(Annotated photo localization data)

┄┄┄┄┄┄┄┄┄┄┄┄┄┄┄┄┄┄┄┄

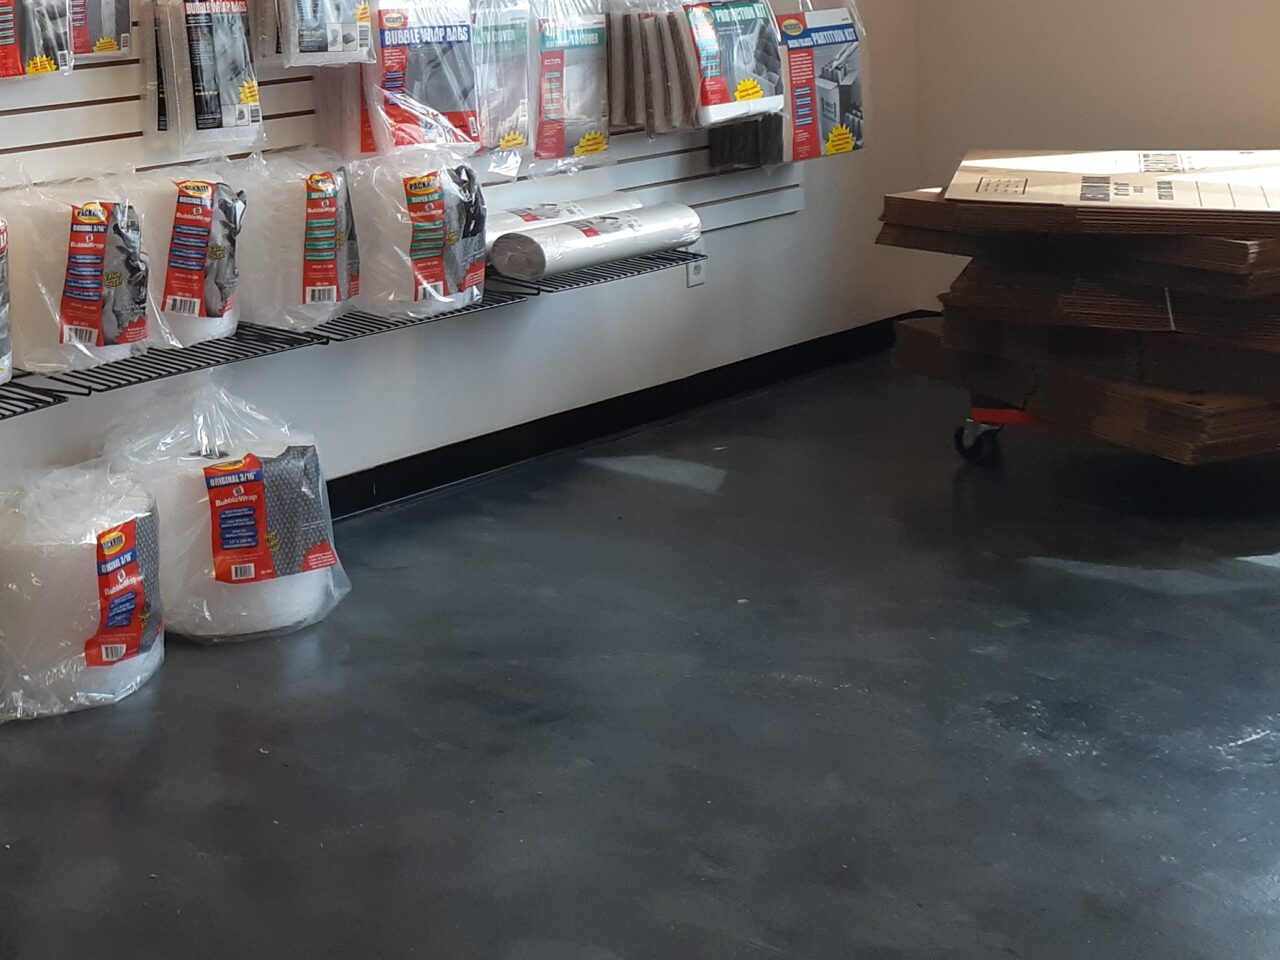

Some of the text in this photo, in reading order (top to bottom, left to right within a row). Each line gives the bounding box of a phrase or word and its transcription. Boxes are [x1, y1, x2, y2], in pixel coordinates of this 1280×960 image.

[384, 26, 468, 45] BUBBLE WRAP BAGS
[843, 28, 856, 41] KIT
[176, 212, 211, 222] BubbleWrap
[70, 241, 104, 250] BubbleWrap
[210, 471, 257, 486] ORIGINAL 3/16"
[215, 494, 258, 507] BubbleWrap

┄┄┄┄┄┄┄┄┄┄┄┄┄┄┄┄┄┄┄┄

Work required:
Every line above should be repeated exactly; pictures stay out of the copy.

Your response:
Some of the text in this photo, in reading order (top to bottom, left to right within a row). Each line gives the bounding box of a phrase or word and its transcription. Boxes are [x1, y1, x2, y2], in pixel coordinates of this 1280×960 image.

[384, 26, 468, 45] BUBBLE WRAP BAGS
[843, 28, 856, 41] KIT
[176, 212, 211, 222] BubbleWrap
[70, 241, 104, 250] BubbleWrap
[210, 471, 257, 486] ORIGINAL 3/16"
[215, 494, 258, 507] BubbleWrap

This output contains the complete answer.